In 1935, Italian soldiers under the command of Marshal Emilio De Bono began what is known as the Second Italo-Ethiopian War. During the conflict, both Ethiopian and Italian troops committed war crimes. Ethiopian troops are known to have made use of Dum-Dum bullets (in violation of the Hague Conventions) and mutilated captured soldiers (often with castration). Italian troops used sulfur mustard in chemical warfare, ignoring the Geneva Protocol that it had signed seven years earlier. The Italian military dropped mustard gas in bombs, sprayed it from airplanes and spread it in powdered form on the ground. 150,000 chemical casualties were reported, mostly from mustard gas.
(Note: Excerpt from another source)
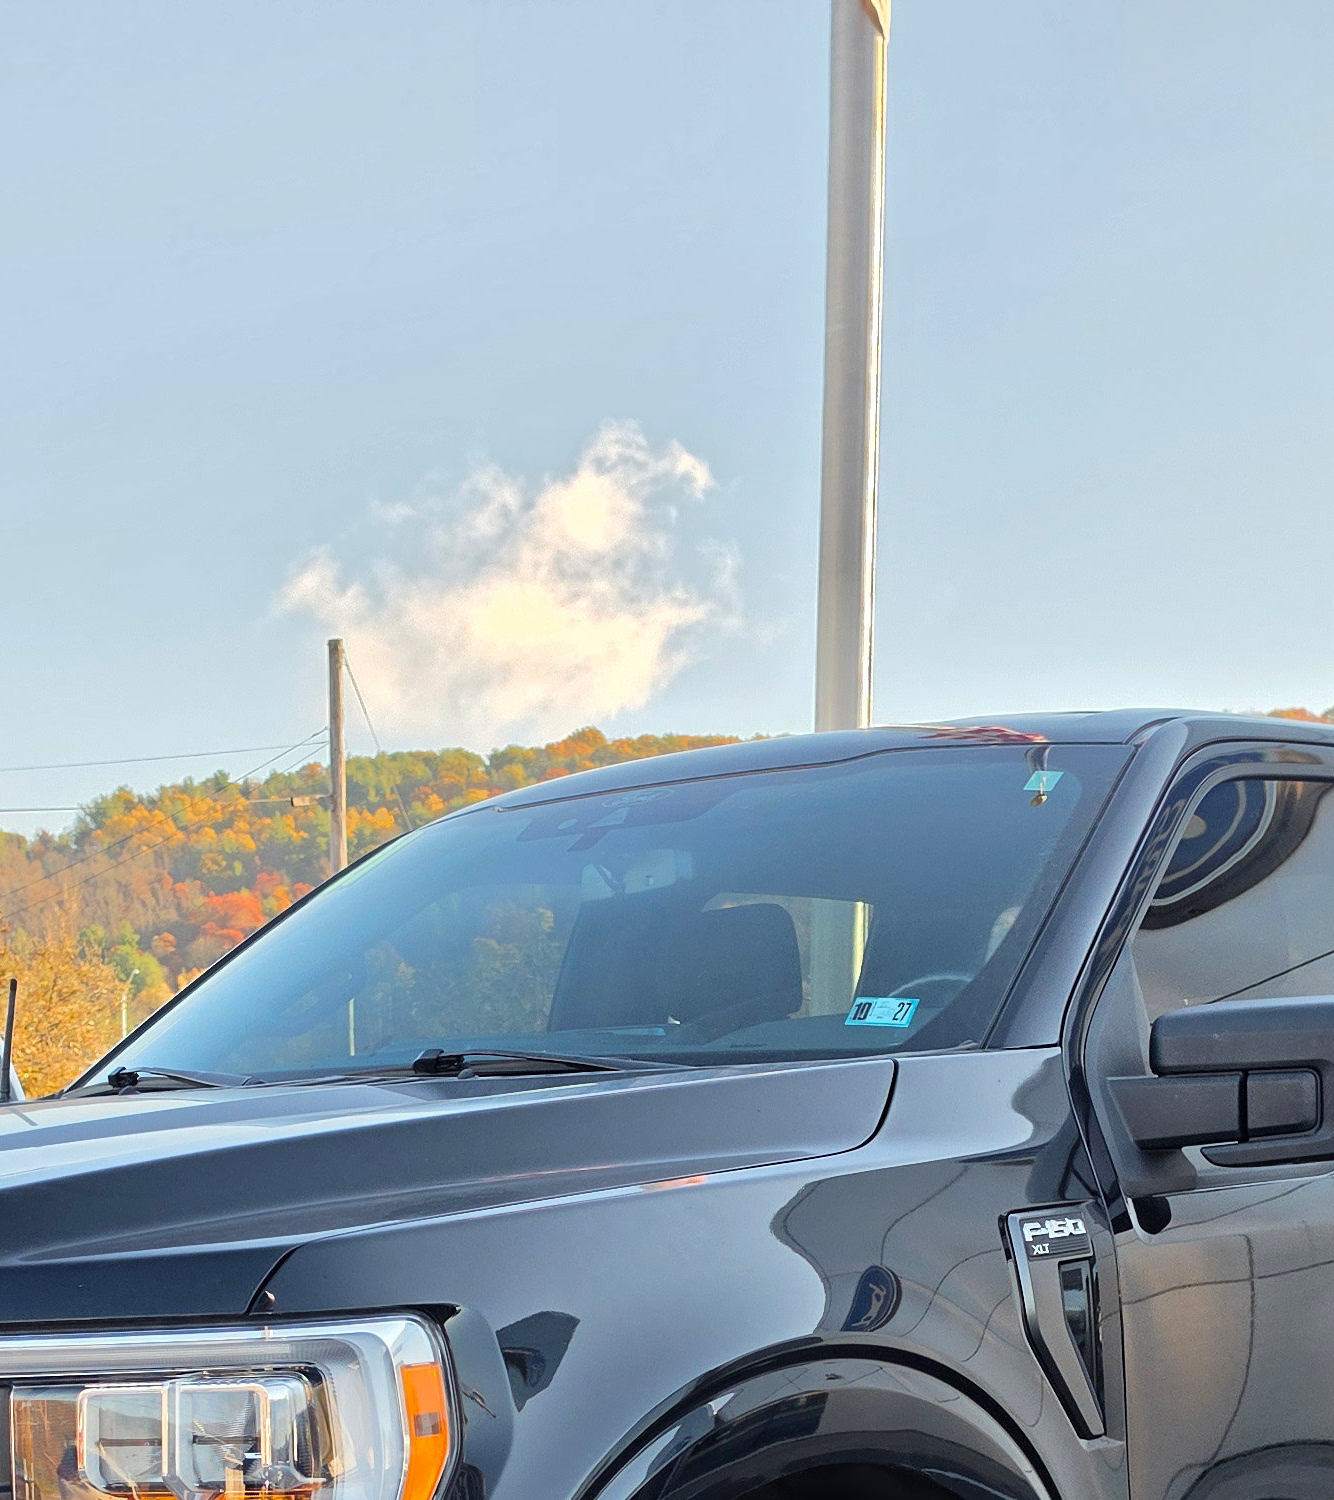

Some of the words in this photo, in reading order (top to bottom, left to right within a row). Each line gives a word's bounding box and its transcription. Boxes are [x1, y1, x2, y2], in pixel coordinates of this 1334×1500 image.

On May 1, 1936, Haile Selassie took a train to Djibouti and then boarded a British ship to Jerusalem, spending the majority of his time in the city with Ethiopian monks, praying with them at the Church of the Holy Sepulchre. He then fled to Bath, where he was granted asylum by British authorities who did not want him to stay in London, due to this being perceived as "politically embarrassing". Upon arrival, he stayed at a hotel, purchasing Fairfield House shortly afterward to spend the remainder of his time. He was accompanied by his children, grandchildren, servants and others. In Bath, Haile Selassie became accustomed to the "army of servants" and living in a single house as he was financially restricted. He was seen getting rid of jewelry on a couple of occasions. Upon leaving England, he left the house for the elderly, not visiting again until 1954.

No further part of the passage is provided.